J'ai réalisé que la quantité d'informations que j'utilisais quotidiennement pouvait être comparée à quelques tranches de pizza ou de hot-dog et à des pommes de terre frites, ce qui n'est pas très nutritif et provoque encore la faim.

Chaque jour, ma capacité de concentration augmentait. Pendant un mois, je voulais lire le livre «Far From the Tree» d’Andrew Solomon sur les problèmes d’éducation des enfants handicapés. Il y avait plus de 1000 pages dans ce livre - qui a du temps libre pour lire un tel livre?! Mais quand mon esprit était complètement libéré des distractions, j'ai commencé à le lire, je me suis complètement immergé dedans et j'ai lu l'essentiel en quelques jours seulement. Ce livre était fascinant.

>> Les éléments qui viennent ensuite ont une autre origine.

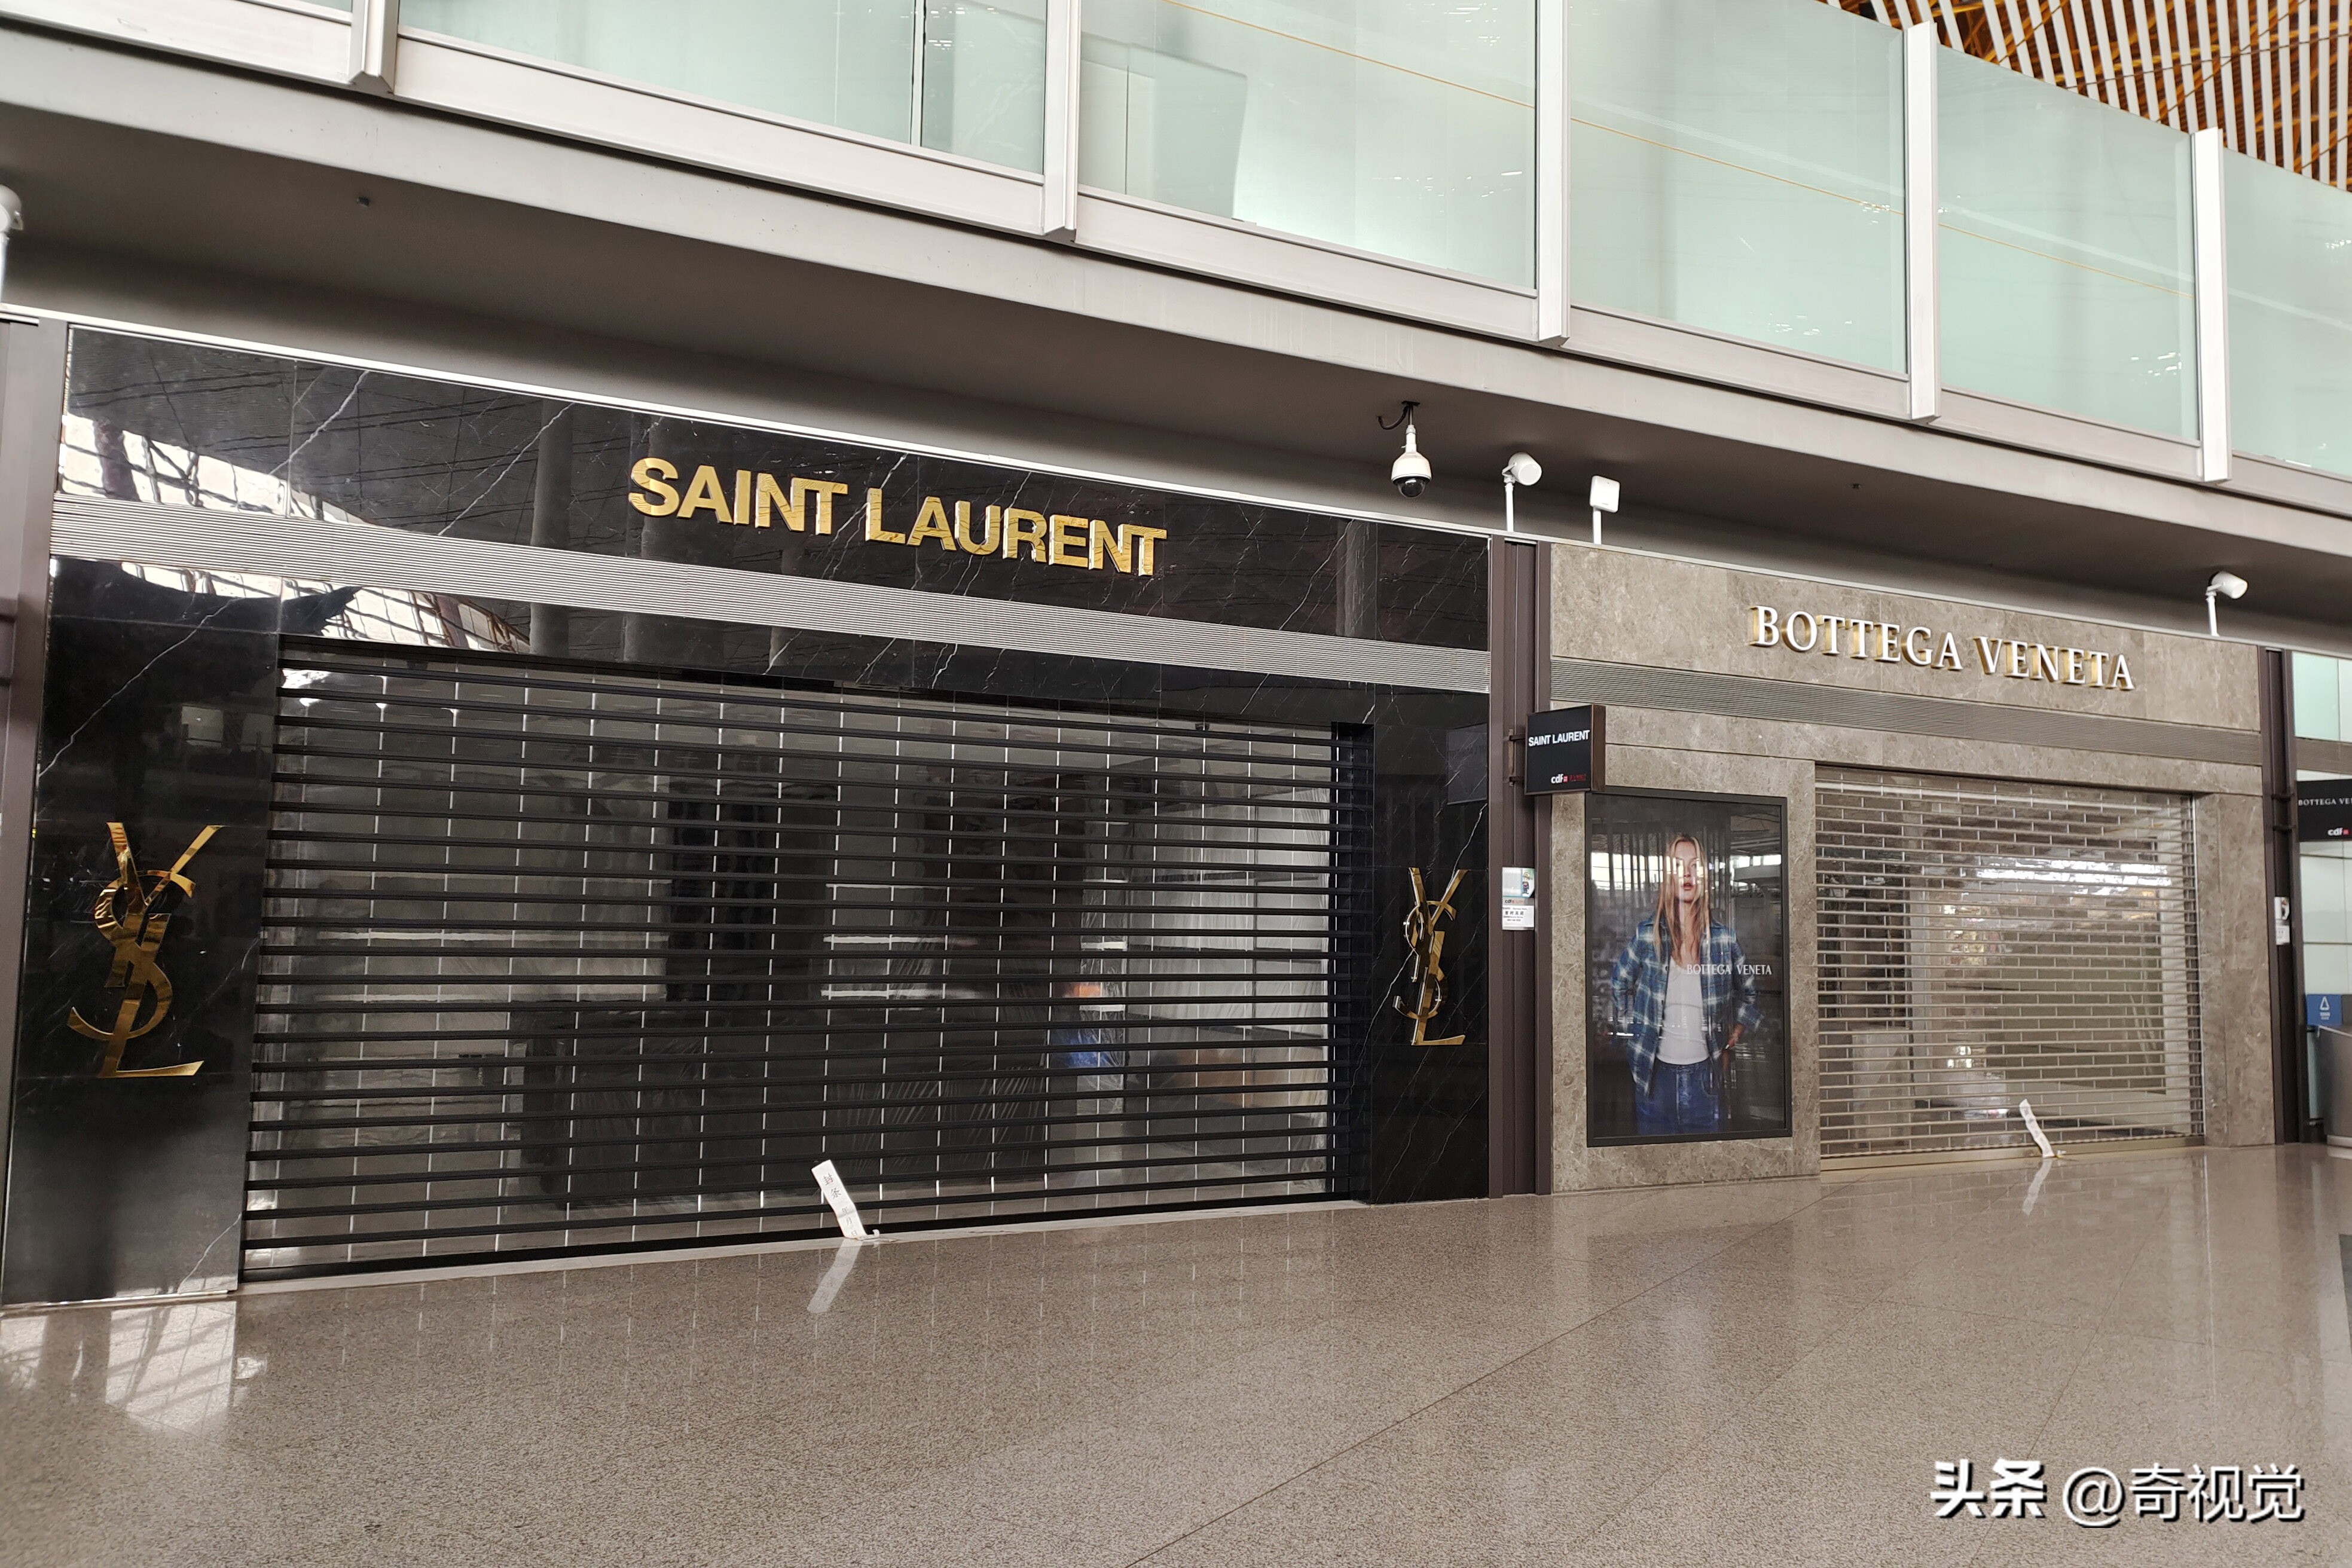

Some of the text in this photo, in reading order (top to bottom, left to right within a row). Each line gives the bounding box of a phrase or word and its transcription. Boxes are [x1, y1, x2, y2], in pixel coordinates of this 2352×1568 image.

J'ai vécu une expérience similaire sur le court de tennis. J'ai pris des cours et travaillé toute ma vie adulte sur ma technique. Et pendant les vacances de cette semaine, j’ai eu l’occasion de ralentir et d’analyser mes coups avec une patience et un intérêt complètement différents. C’est l’option de formation que vous ne pouvez tout simplement pas vous permettre lorsque vous devez penser simultanément à 10 objets à la fois.

À la fin du neuvième jour, je me sentais pleine de force et enrichie. Grâce au silence qui régnait dans mon cerveau, j'ai pu reprendre le contrôle de mon attention. Ce faisant, j'ai redécouvert en moi une partie plus profonde de moi-même.

Si, pendant mon absence, quelqu'un devait me contacter d'urgence, il pourrait le faire. Mais la vérité était que rien n’exigeait mon attention ou ma présence. La plupart des choses peuvent attendre.

Et enfin, je me sentais prête à retourner dans mon quotidien et même à lire avec enthousiasme le courrier accumulé et à regarder mes sites préférés. Je me sentais aussi beaucoup plus calme dans l'attitude des cas qui m'initiaient au stress.

Cette coupure m'a permis de comprendre que ces passages éloignés du monde numérique sont essentiels à la fois pour la mise à jour et pour le travail lui-même. Après cela, j'ai introduit deux rituels pour moi-même:

  • Deux fois par semaine, je passerai plusieurs heures à la maison à travailler sur des projets nécessitant une attention particulière, avec une déconnexion complète d'Internet et du courrier électronique.
  • À la fin de chaque journée de travail, je prévois de passer au moins une demi-heure à lire un livre et à en savourer chaque page.

La clé d'une vie plus productive est un arrêt complet et régulier!

Avant les vacances de mai, une excellente occasion d’essayer de déconnecter au moins trois jours.